At the table at the far back two men sit in companionable silence, sipping their cappuccinos. The man on the left is no giant, but he has a certain wiry intensity, the sort of person that one could easily imagine sitting at a bench with a set of wrenches spread out, adjusting a set of battered but functional Campagnolo derailleurs on his ancient racing bike, a large black fingerprint of chain grease on the side of his generous semitic nose. But here he sits, with no grease spots. His eyes light up, an smile comes to his lips, then he tries to restrain it so as not to telegraph his intention, but he can't quite stop it; you can see it lurking there as he tries to hold a straight face. He leans over to his companion and says a few quick words. His face lights up with a smile of delight as his friend snorts in amusement. Brothers, maybe, or lifelong friends.

The priestess of this temple comes to me with the holy beverage. She is tall, slender, focused, blonde. She moves like the heroine from some anime future, no motion wasted, focused purely on each guest, one by one. The cappuccino is perfect.

An older man comes to sit on the balcony; an intriguing woman comes to sit with him. She goes back and forth several times, for mysterious reasons which become clear when her husband finally follows her. They all sit together, smiling. Husband and wife adore each other quietly, without letting it distract them from their visit with the older gentleman. The woman has a lovely smile, which she offers generously and frequently.

The other table in my room is occupied by an older woman, a lecturer at the college. She is in a hurry to eat, but couldn't resist stopping here on the way into work, to let the magic of the temple imbue her spirit before appearing before her students. She takes her leftovers to go and leaves, quickly but reluctantly.

An air of quiet happiness settles over the temple as the worshipers enjoy the sacred communion. I read my book, a rather deep work on continuation passing. I've studied it before.
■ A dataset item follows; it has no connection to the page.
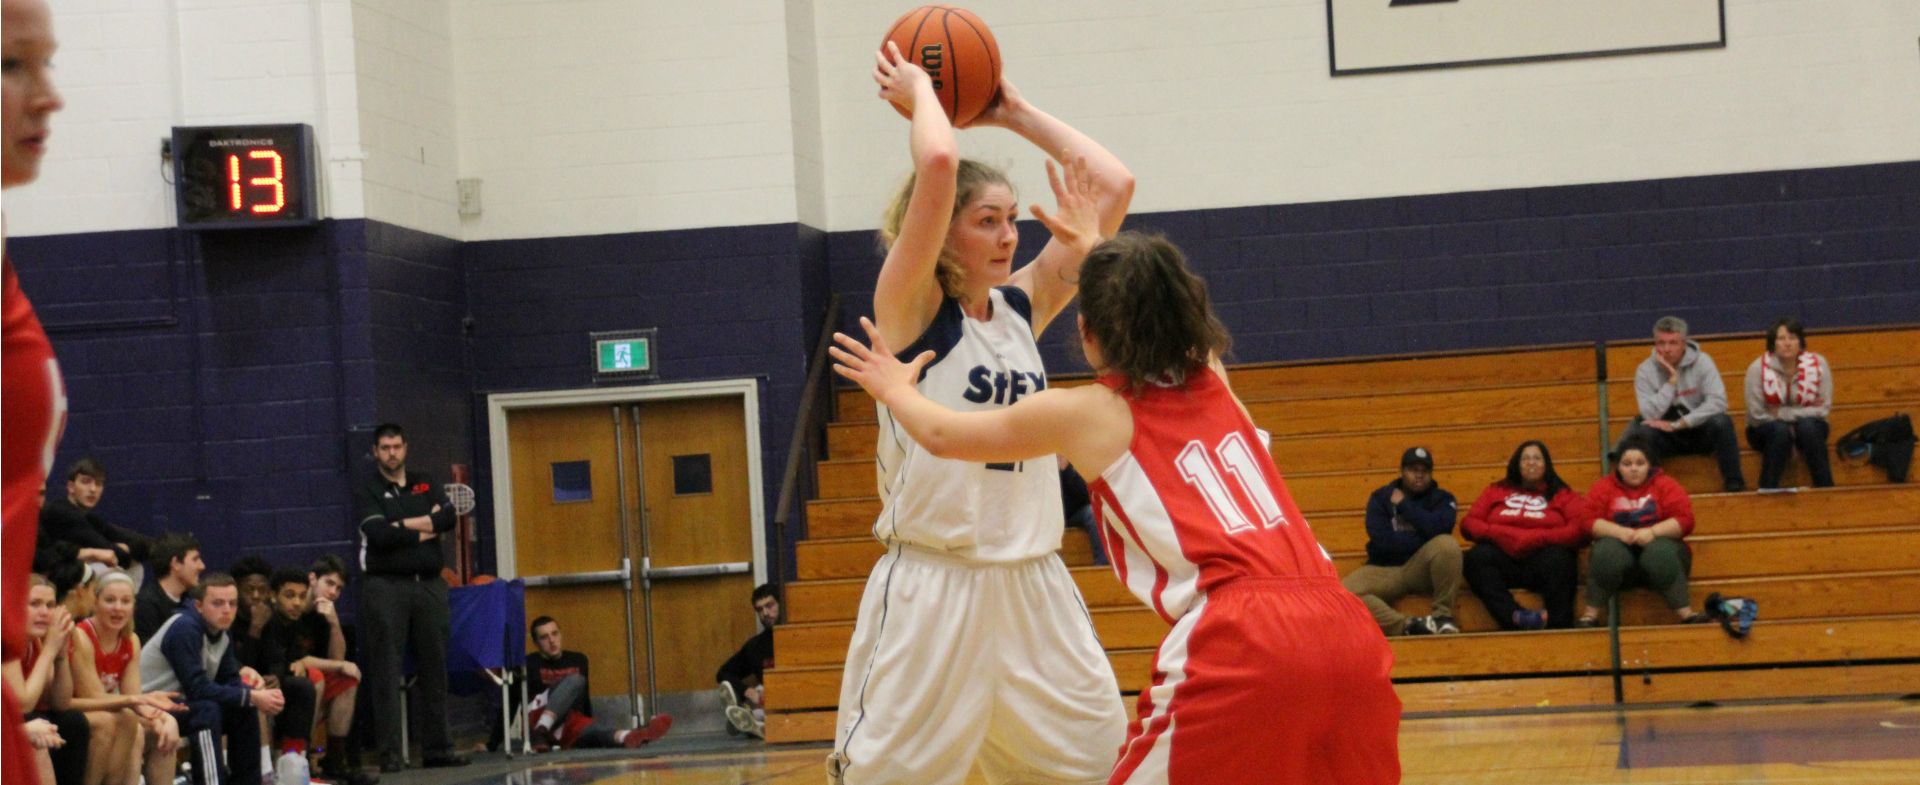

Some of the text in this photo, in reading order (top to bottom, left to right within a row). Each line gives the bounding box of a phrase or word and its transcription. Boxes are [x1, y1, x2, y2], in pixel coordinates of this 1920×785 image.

[209, 138, 274, 147] DAKTRONICS
[229, 150, 284, 213] 13
[1174, 430, 1289, 534] 11
Magically, here in the temple, the meaning washes over me and I understand. When finally I leave, the two gentlemen in the back are still sipping cappuccino.

Sunday, December 10, 2006

Back in Tucson...

Thanks for all the kind comments on the previous post. Sorry I didn't reply. My grandmother's passing occasioned a road trip, perhaps her last gift to me. She gave me many. When I was in Oklahoma I remembered one of them, which happened a long time ago. Long enough ago that the scene I am about to describe is probably an amalgam of several visits. But I think it's still true to life.

When I was a kid we used to drive to Oklahoma nearly every summer. We even flew once or twice. I remember my mother's cousin Cherie coming to pick us up at the airport in Tulsa once. I was probably about thirteen, and she was tall, thin and beautiful - the image of the perfect seventies liberated woman, or something. But the trip that I'm thinking of was a road trip. We usually took three days. We stopped at Monticello once. I remember french doors, and a toy cannon, and lots of gardens, and, to be honest, a bit of boredom. I'm not a big museum person, and even then I wasn't. But I didn't really regret the visit - I just could have left sooner. I think Signe and my mother enjoyed the extra time they spent.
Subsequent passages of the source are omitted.